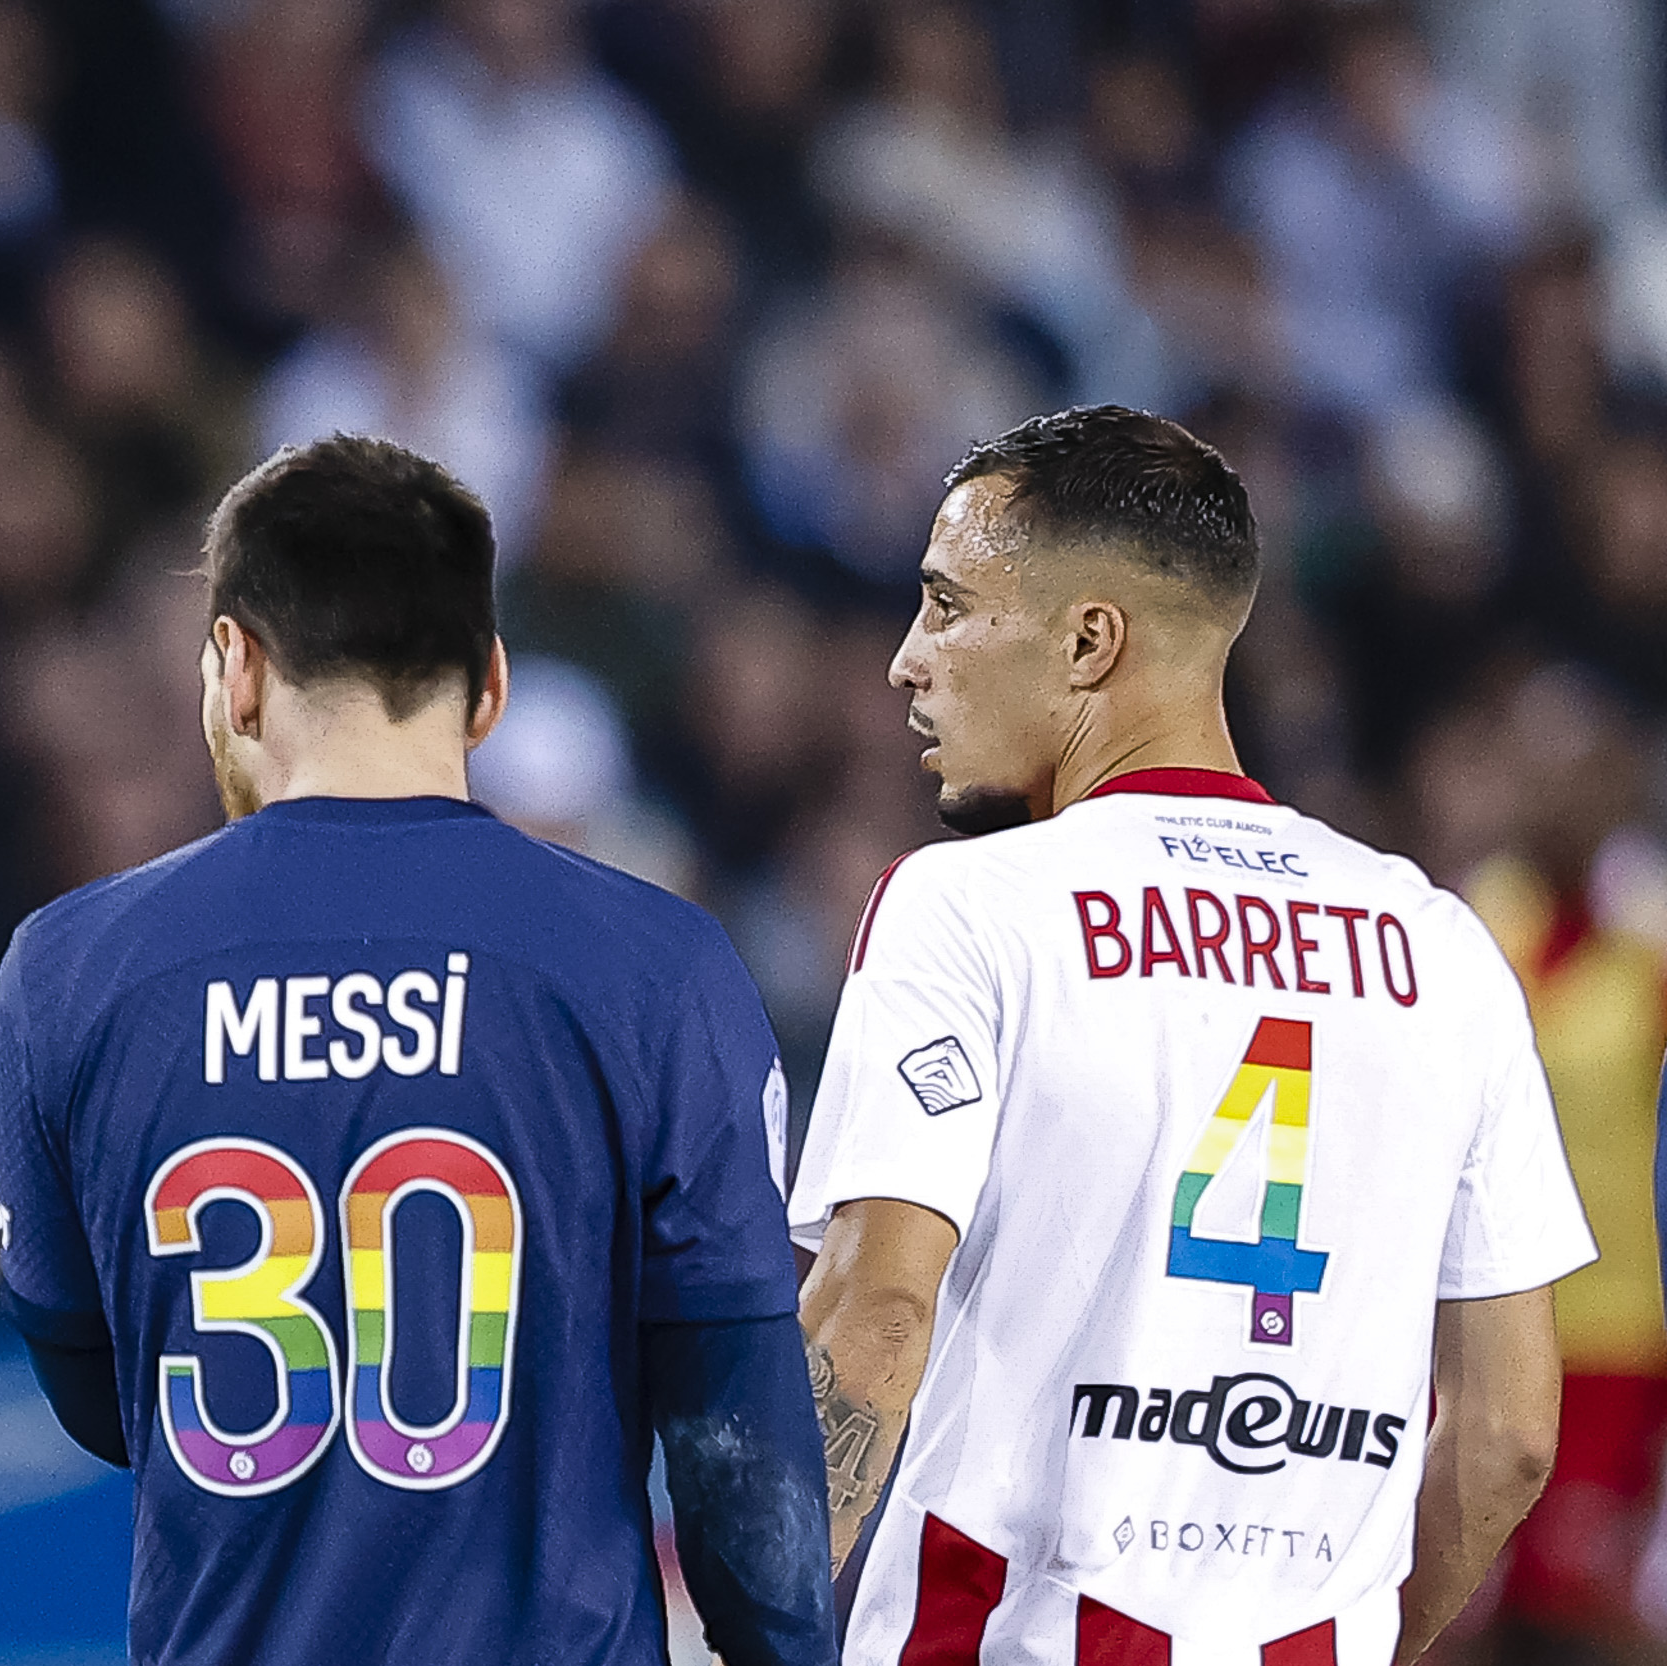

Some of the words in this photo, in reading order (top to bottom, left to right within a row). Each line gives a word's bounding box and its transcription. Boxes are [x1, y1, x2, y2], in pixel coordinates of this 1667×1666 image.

[1071, 886, 1418, 1008] BARRETO
[1164, 1016, 1331, 1347] 4
[144, 1126, 524, 1498] 30
[1150, 1519, 1333, 1563] BOXETTA
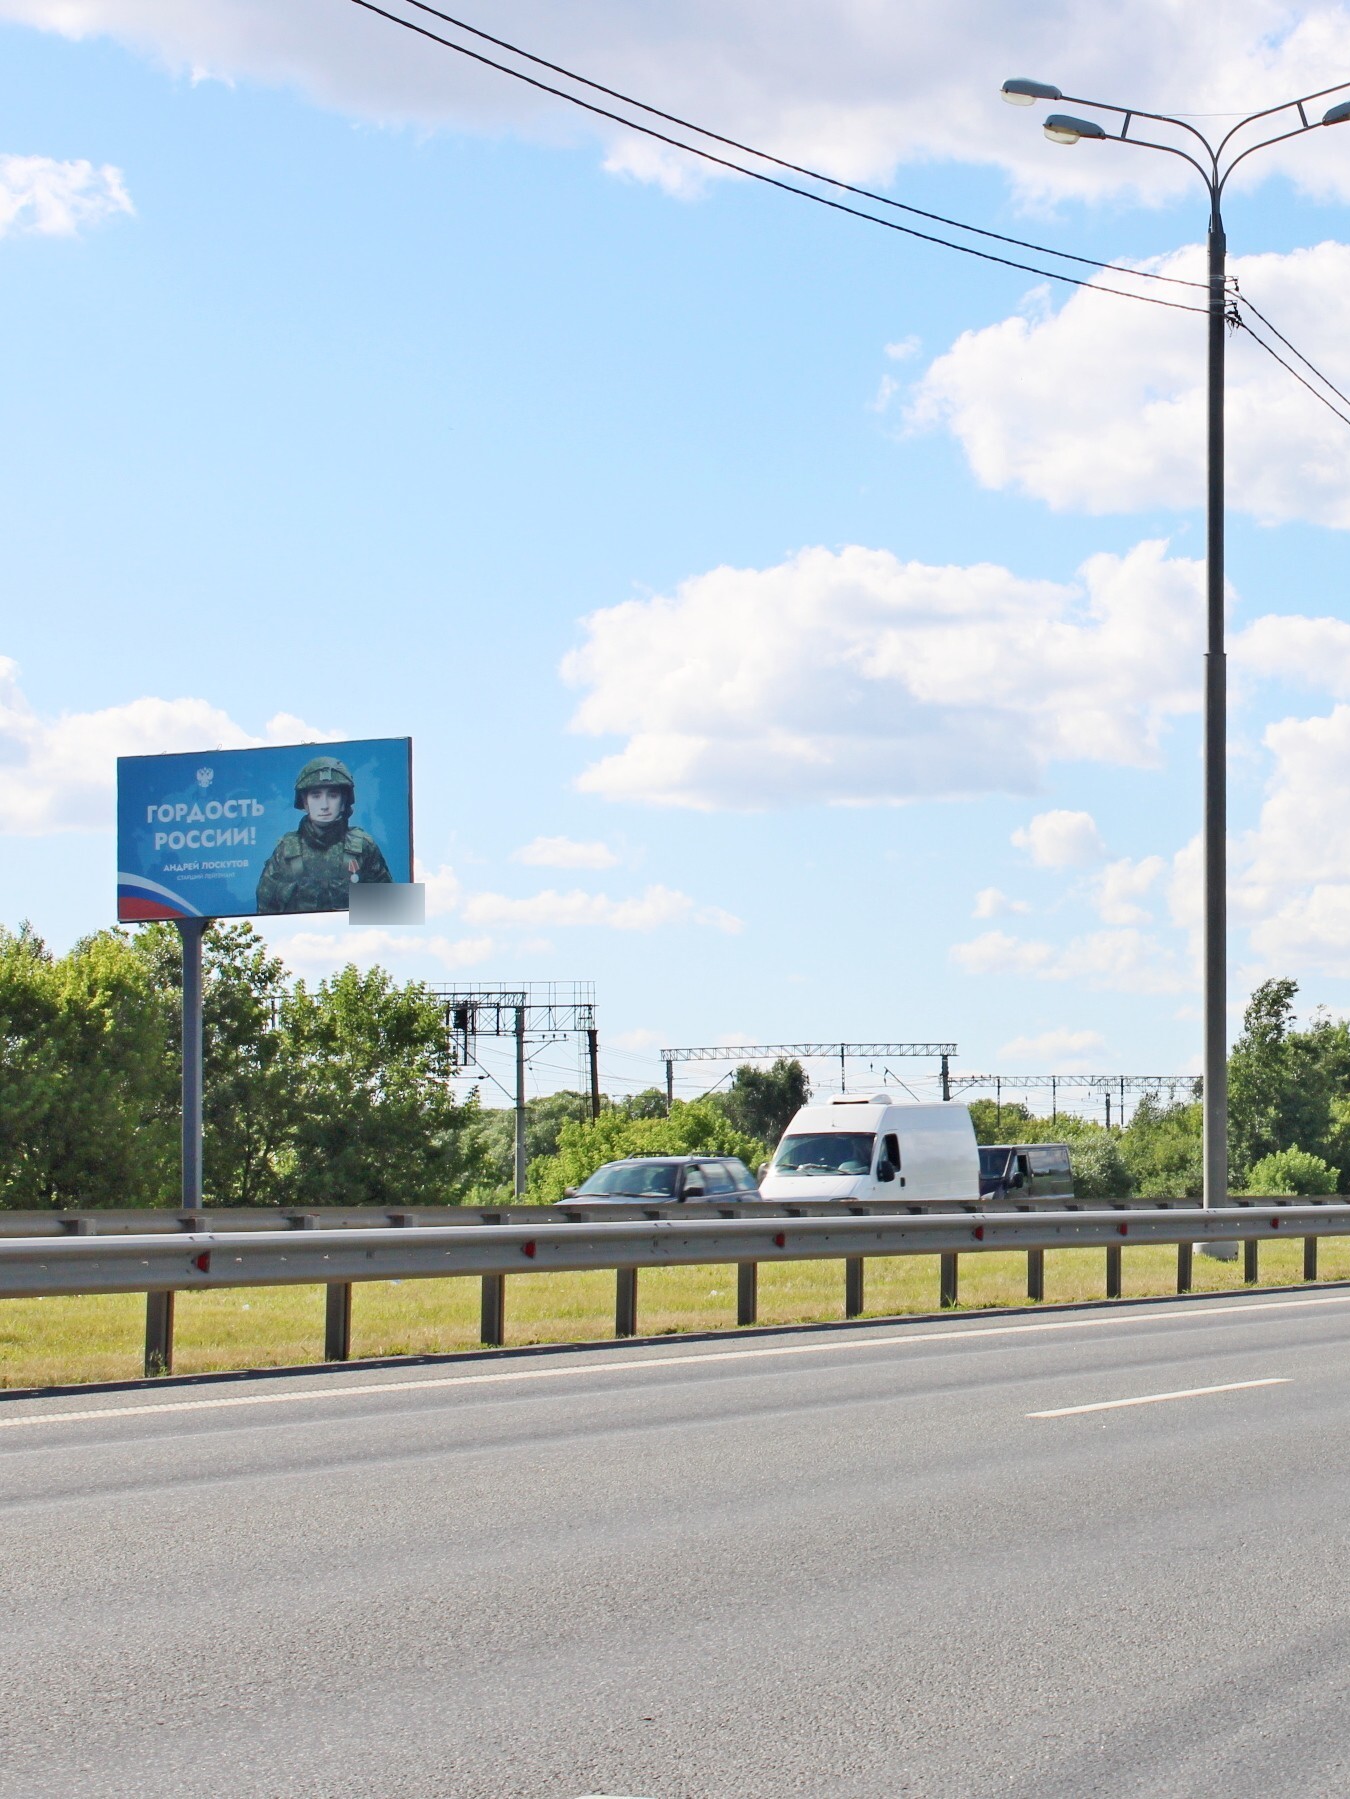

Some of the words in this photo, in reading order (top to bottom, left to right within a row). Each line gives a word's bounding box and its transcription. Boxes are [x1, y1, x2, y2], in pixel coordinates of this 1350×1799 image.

[147, 799, 265, 823] ГОРДОСТЬ
[155, 827, 257, 850] РОССИИ!
[163, 861, 199, 872] АНДРЕЙ
[201, 859, 249, 870] ЛОСКУТОВ

● **Problem statement**
Please output only the lines from the one holding "this 1350×1799 image." to the end of the records, first and last included, exactly as they appear.

● **Response to the exercise**
Some of the words in this photo, in reading order (top to bottom, left to right within a row). Each line gives a word's bounding box and its transcription. Boxes are [x1, y1, x2, y2], in pixel coordinates of this 1350×1799 image.

[147, 799, 265, 823] ГОРДОСТЬ
[155, 827, 257, 850] РОССИИ!
[163, 861, 199, 872] АНДРЕЙ
[201, 859, 249, 870] ЛОСКУТОВ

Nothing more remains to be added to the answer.